To understand what the world believes to be Israel’s unbridled belligerence in dealing with its situation, academics summon their favourite word, ‘existential’. Eniat Wilf, a foreign policy expert, says that two ideas underpin Israel—the first is its pre-ordained journey through catastrophe and redemption, the second is a sense of existential fear, the legacy of 3,000 years of invasion and persecution which culminated in the Nazi gas chamber. “There is a feeling that any moment all this, everything, can disappear,” says Wilf. Iranian president Ahmadenijad played these fears like a violin with his “wiping Israel from the map” rhetoric.

“When we read the rhetoric of Ahmadenijad or Naserallah (the Hezbollah leader in Lebanon), I see the same powerful ideas that I see in Hitler. My children have a grandmother with a number on her arm,” says Arnold Roth, whose daughter Malki went to a Jerusalem restaurant and thought nothing of the young man who entered with a guitar strapped to his back. Within minutes, Arnold and his wife had become members of a club they didn’t want to belong to — the Victims of Terror.

“To be a victim of terror is not romantic, not beautiful, not transcendental, not heroic,” says Arnold. “It is not like going to a movie that has an end. By being merciful to terror we are being intolerably cruel to ourselves. When victims of terror meet, the obsessive interest is not to kill Arabs, but to find ways to ensure that our grief does not cripple our children.”

Dr Nazmi Al-Jubeh, a moderate Palestinian, attempts an explanation. “They are starving in Gaza,” he says. “There is no employment, nothing. All they do is bring children into this world and become suicide bombers. Mentally they are in siege. They have no plans when they reach 22, so they think the best is to become a martyr, get a picture on the wall or in the paper.” Both Al-Jubeh and Zayyad condemn the extremism of Hamas, but are equally clear that Israeli tanks will only worsen, never solve. And many Israelis know this too. Despite the barbed wire, the espionage, the military might, terrorism has not been defeated.

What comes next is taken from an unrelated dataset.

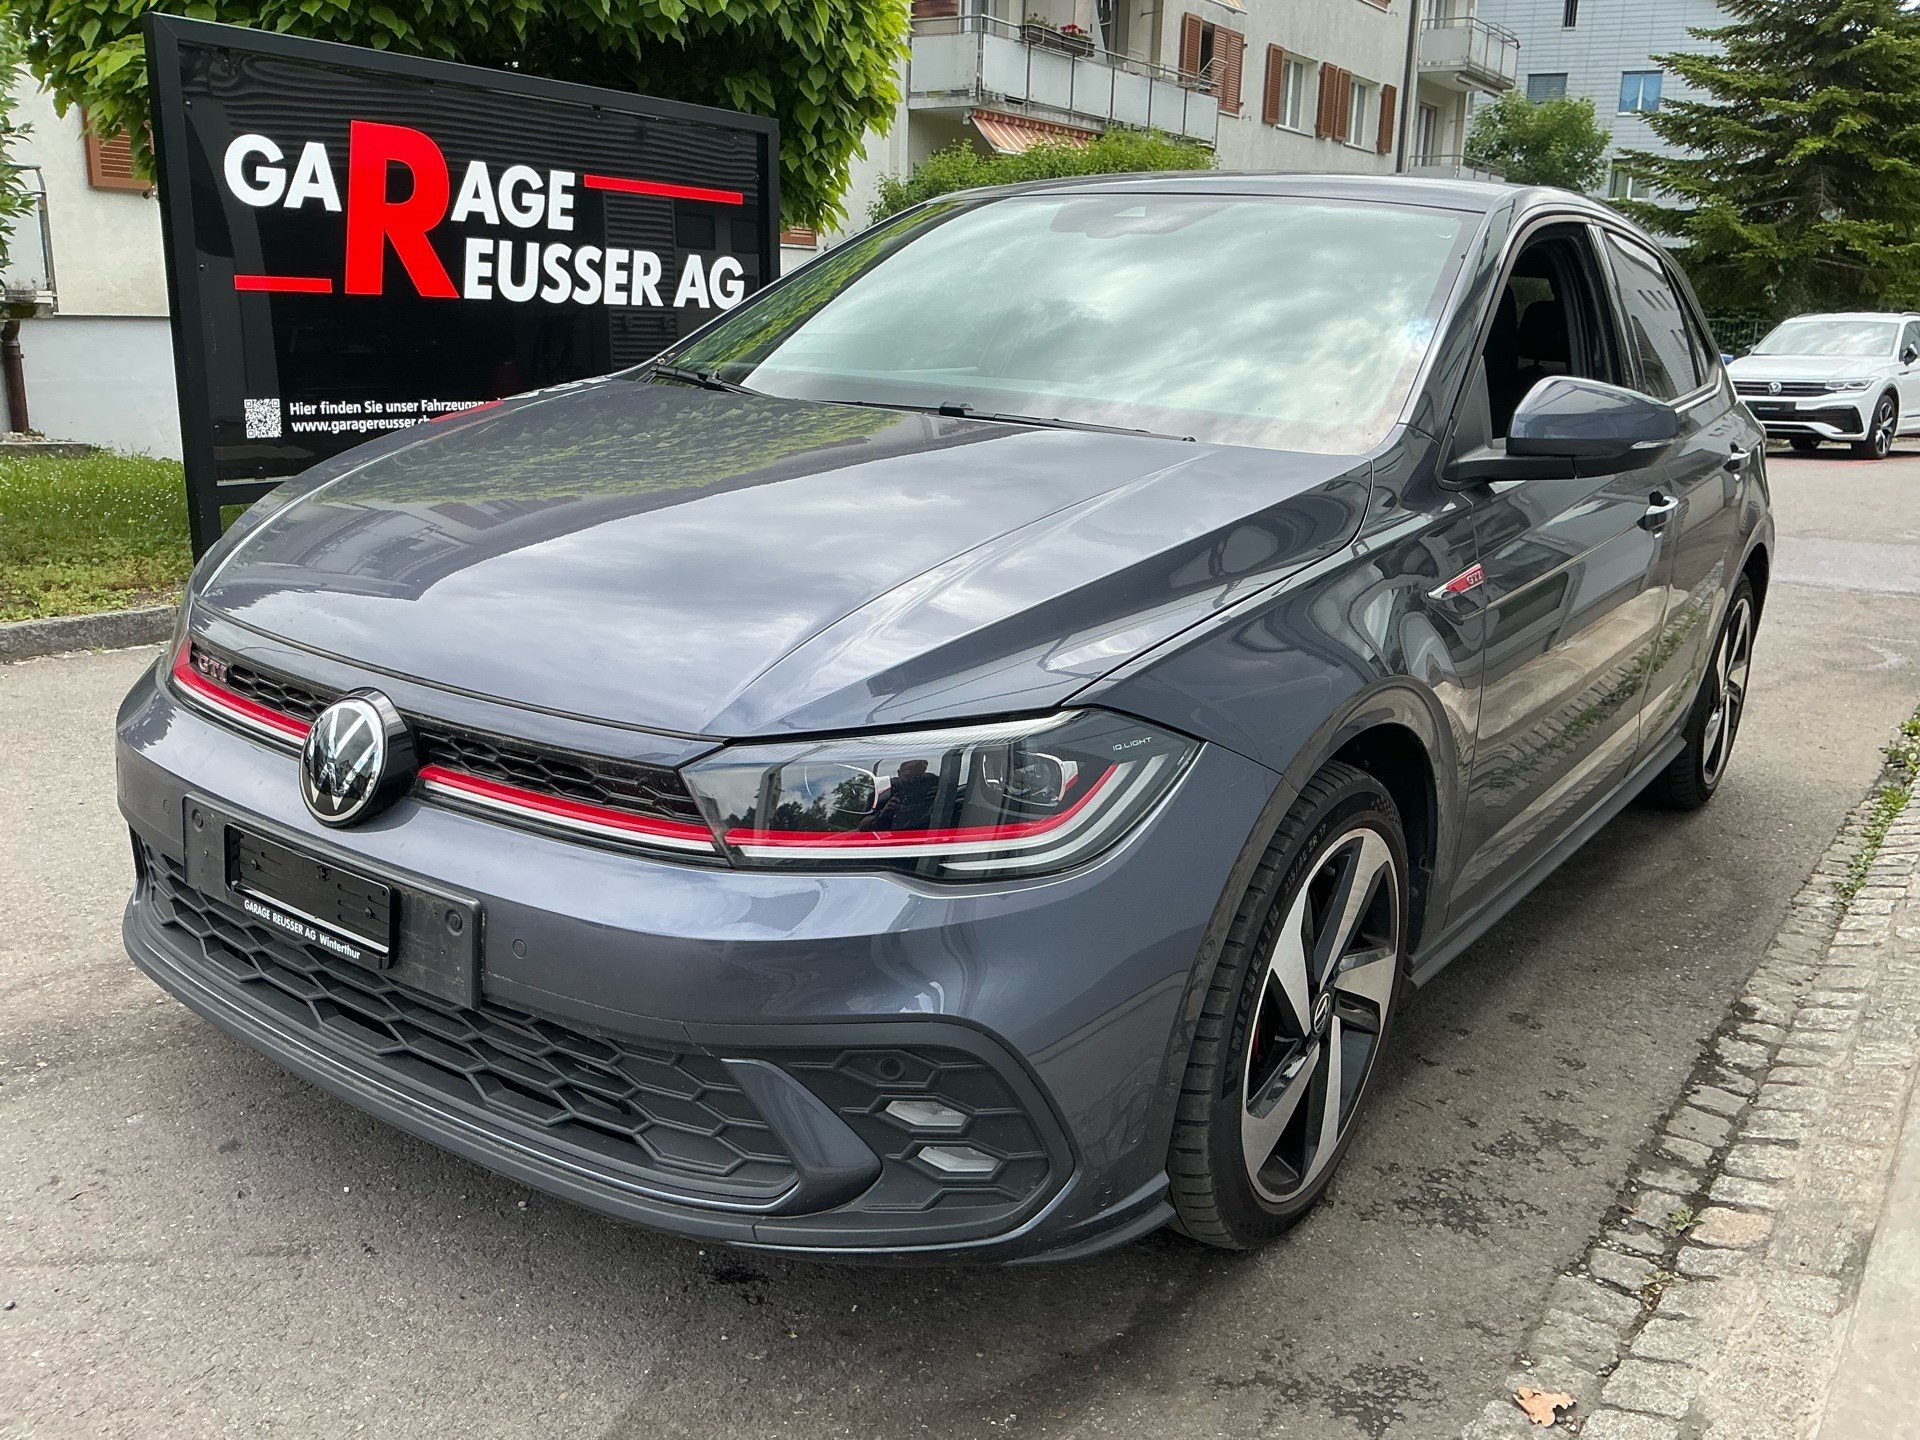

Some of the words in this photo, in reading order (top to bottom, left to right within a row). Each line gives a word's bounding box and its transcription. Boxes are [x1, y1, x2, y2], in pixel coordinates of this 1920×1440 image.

Moderate voices on both sides say that the redemption lies in dialogue, and they quote the words of the prophet Isaiah, often cited by Israel’s founding father Chaim Weizmann, “Zion shall be redeemed with justice.”

After the Mumbai blasts, a TV channel asked: “Should India go the Israel way?” Should our tolerance level be zero? Listen to the wisdom of Shlomo Breznitz, the 70-year-old professor who in 1979, started the world’s first institute to study the impact of stress on the nervous system, in Haifa. “Israel is the natural laboratory to do research,” he says drily. “I would gladly give up this advantage for a little peace of mind.” An old India hand, he continues, “One thing that Israel can learn from India is patience. Today, the role of your country as a large democracy presenting this patience to the world is very important. Please do not ever lose this.”